What is being asked: Produce the same data once more, line for line.
Data to examine below:
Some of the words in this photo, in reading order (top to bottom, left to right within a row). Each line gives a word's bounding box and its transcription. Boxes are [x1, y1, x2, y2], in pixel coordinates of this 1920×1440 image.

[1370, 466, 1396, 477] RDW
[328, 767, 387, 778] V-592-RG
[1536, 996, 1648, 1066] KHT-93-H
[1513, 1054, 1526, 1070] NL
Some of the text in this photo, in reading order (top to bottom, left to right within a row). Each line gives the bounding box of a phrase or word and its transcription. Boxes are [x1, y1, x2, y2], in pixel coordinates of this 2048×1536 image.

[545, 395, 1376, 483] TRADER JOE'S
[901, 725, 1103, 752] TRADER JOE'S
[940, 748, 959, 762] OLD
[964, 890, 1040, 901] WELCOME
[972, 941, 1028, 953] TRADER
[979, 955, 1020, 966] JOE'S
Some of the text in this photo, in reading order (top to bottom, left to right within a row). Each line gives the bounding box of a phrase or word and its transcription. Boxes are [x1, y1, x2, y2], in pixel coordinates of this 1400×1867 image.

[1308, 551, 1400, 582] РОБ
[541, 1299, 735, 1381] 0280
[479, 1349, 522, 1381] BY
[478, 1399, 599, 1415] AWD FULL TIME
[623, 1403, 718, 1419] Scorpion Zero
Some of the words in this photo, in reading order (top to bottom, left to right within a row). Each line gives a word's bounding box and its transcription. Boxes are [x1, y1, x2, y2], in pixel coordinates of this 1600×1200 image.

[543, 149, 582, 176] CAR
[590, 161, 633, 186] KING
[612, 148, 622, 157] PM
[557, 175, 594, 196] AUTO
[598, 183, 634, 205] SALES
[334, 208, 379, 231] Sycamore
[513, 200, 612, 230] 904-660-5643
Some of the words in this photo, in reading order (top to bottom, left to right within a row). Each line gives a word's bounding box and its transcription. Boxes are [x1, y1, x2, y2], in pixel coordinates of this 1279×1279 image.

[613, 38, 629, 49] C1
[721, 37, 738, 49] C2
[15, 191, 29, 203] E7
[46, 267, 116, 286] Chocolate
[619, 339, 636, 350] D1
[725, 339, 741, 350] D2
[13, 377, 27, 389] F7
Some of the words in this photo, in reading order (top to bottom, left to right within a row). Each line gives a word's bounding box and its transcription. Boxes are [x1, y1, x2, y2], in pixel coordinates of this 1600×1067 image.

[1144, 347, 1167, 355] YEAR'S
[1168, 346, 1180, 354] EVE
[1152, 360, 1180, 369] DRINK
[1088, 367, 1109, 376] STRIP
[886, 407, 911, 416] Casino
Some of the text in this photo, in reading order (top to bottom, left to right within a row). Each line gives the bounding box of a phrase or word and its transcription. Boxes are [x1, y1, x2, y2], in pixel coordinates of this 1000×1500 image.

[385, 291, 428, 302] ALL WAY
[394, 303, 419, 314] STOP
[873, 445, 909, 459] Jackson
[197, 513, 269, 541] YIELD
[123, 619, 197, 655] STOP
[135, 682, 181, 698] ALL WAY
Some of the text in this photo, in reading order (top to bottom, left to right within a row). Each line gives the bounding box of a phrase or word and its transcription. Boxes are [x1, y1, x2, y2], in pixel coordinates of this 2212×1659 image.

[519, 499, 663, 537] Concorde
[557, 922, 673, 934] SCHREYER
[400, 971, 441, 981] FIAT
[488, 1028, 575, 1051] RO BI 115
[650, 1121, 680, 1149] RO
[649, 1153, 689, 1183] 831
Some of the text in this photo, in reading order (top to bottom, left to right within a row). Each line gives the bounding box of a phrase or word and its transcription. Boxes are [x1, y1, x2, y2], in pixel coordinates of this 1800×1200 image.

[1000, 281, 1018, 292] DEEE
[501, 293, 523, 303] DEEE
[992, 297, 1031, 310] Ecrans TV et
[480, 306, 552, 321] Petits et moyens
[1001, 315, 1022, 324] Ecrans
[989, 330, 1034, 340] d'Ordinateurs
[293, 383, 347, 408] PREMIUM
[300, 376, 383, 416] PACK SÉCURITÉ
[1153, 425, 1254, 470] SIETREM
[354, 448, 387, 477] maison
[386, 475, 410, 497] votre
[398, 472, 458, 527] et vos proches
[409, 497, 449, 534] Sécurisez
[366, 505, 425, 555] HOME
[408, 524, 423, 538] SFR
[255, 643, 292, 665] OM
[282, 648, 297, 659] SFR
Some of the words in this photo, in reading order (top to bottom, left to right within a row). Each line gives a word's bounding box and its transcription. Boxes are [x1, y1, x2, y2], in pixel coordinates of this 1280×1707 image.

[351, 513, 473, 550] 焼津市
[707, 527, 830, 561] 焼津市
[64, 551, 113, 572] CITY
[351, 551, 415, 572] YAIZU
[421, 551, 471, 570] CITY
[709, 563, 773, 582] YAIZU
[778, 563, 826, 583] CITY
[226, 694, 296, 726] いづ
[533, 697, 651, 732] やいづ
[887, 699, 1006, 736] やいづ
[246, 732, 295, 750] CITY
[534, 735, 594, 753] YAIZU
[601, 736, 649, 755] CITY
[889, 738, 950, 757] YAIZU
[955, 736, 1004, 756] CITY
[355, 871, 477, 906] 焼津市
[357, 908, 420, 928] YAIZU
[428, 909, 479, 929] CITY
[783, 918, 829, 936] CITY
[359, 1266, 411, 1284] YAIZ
End of Data to examine.
Exercise response:
Some of the words in this photo, in reading order (top to bottom, left to right within a row). Each line gives a word's bounding box and its transcription. Boxes are [x1, y1, x2, y2], in pixel coordinates of this 1920×1440 image.

[1370, 466, 1396, 477] RDW
[328, 767, 387, 778] V-592-RG
[1536, 996, 1648, 1066] KHT-93-H
[1513, 1054, 1526, 1070] NL
Some of the text in this photo, in reading order (top to bottom, left to right within a row). Each line gives the bounding box of a phrase or word and its transcription. Boxes are [x1, y1, x2, y2], in pixel coordinates of this 2048×1536 image.

[545, 395, 1376, 483] TRADER JOE'S
[901, 725, 1103, 752] TRADER JOE'S
[940, 748, 959, 762] OLD
[964, 890, 1040, 901] WELCOME
[972, 941, 1028, 953] TRADER
[979, 955, 1020, 966] JOE'S
Some of the text in this photo, in reading order (top to bottom, left to right within a row). Each line gives the bounding box of a phrase or word and its transcription. Boxes are [x1, y1, x2, y2], in pixel coordinates of this 1400×1867 image.

[1308, 551, 1400, 582] РОБ
[541, 1299, 735, 1381] 0280
[479, 1349, 522, 1381] BY
[478, 1399, 599, 1415] AWD FULL TIME
[623, 1403, 718, 1419] Scorpion Zero
Some of the words in this photo, in reading order (top to bottom, left to right within a row). Each line gives a word's bounding box and its transcription. Boxes are [x1, y1, x2, y2], in pixel coordinates of this 1600×1200 image.

[543, 149, 582, 176] CAR
[590, 161, 633, 186] KING
[612, 148, 622, 157] PM
[557, 175, 594, 196] AUTO
[598, 183, 634, 205] SALES
[334, 208, 379, 231] Sycamore
[513, 200, 612, 230] 904-660-5643
Some of the words in this photo, in reading order (top to bottom, left to right within a row). Each line gives a word's bounding box and its transcription. Boxes are [x1, y1, x2, y2], in pixel coordinates of this 1279×1279 image.

[613, 38, 629, 49] C1
[721, 37, 738, 49] C2
[15, 191, 29, 203] E7
[46, 267, 116, 286] Chocolate
[619, 339, 636, 350] D1
[725, 339, 741, 350] D2
[13, 377, 27, 389] F7
Some of the words in this photo, in reading order (top to bottom, left to right within a row). Each line gives a word's bounding box and its transcription. Boxes are [x1, y1, x2, y2], in pixel coordinates of this 1600×1067 image.

[1144, 347, 1167, 355] YEAR'S
[1168, 346, 1180, 354] EVE
[1152, 360, 1180, 369] DRINK
[1088, 367, 1109, 376] STRIP
[886, 407, 911, 416] Casino
Some of the text in this photo, in reading order (top to bottom, left to right within a row). Each line gives the bounding box of a phrase or word and its transcription. Boxes are [x1, y1, x2, y2], in pixel coordinates of this 1000×1500 image.

[385, 291, 428, 302] ALL WAY
[394, 303, 419, 314] STOP
[873, 445, 909, 459] Jackson
[197, 513, 269, 541] YIELD
[123, 619, 197, 655] STOP
[135, 682, 181, 698] ALL WAY
Some of the text in this photo, in reading order (top to bottom, left to right within a row). Each line gives the bounding box of a phrase or word and its transcription. Boxes are [x1, y1, x2, y2], in pixel coordinates of this 2212×1659 image.

[519, 499, 663, 537] Concorde
[557, 922, 673, 934] SCHREYER
[400, 971, 441, 981] FIAT
[488, 1028, 575, 1051] RO BI 115
[650, 1121, 680, 1149] RO
[649, 1153, 689, 1183] 831
Some of the text in this photo, in reading order (top to bottom, left to right within a row). Each line gives the bounding box of a phrase or word and its transcription. Boxes are [x1, y1, x2, y2], in pixel coordinates of this 1800×1200 image.

[1000, 281, 1018, 292] DEEE
[501, 293, 523, 303] DEEE
[992, 297, 1031, 310] Ecrans TV et
[480, 306, 552, 321] Petits et moyens
[1001, 315, 1022, 324] Ecrans
[989, 330, 1034, 340] d'Ordinateurs
[293, 383, 347, 408] PREMIUM
[300, 376, 383, 416] PACK SÉCURITÉ
[1153, 425, 1254, 470] SIETREM
[354, 448, 387, 477] maison
[386, 475, 410, 497] votre
[398, 472, 458, 527] et vos proches
[409, 497, 449, 534] Sécurisez
[366, 505, 425, 555] HOME
[408, 524, 423, 538] SFR
[255, 643, 292, 665] OM
[282, 648, 297, 659] SFR
Some of the words in this photo, in reading order (top to bottom, left to right within a row). Each line gives a word's bounding box and its transcription. Boxes are [x1, y1, x2, y2], in pixel coordinates of this 1280×1707 image.

[351, 513, 473, 550] 焼津市
[707, 527, 830, 561] 焼津市
[64, 551, 113, 572] CITY
[351, 551, 415, 572] YAIZU
[421, 551, 471, 570] CITY
[709, 563, 773, 582] YAIZU
[778, 563, 826, 583] CITY
[226, 694, 296, 726] いづ
[533, 697, 651, 732] やいづ
[887, 699, 1006, 736] やいづ
[246, 732, 295, 750] CITY
[534, 735, 594, 753] YAIZU
[601, 736, 649, 755] CITY
[889, 738, 950, 757] YAIZU
[955, 736, 1004, 756] CITY
[355, 871, 477, 906] 焼津市
[357, 908, 420, 928] YAIZU
[428, 909, 479, 929] CITY
[783, 918, 829, 936] CITY
[359, 1266, 411, 1284] YAIZ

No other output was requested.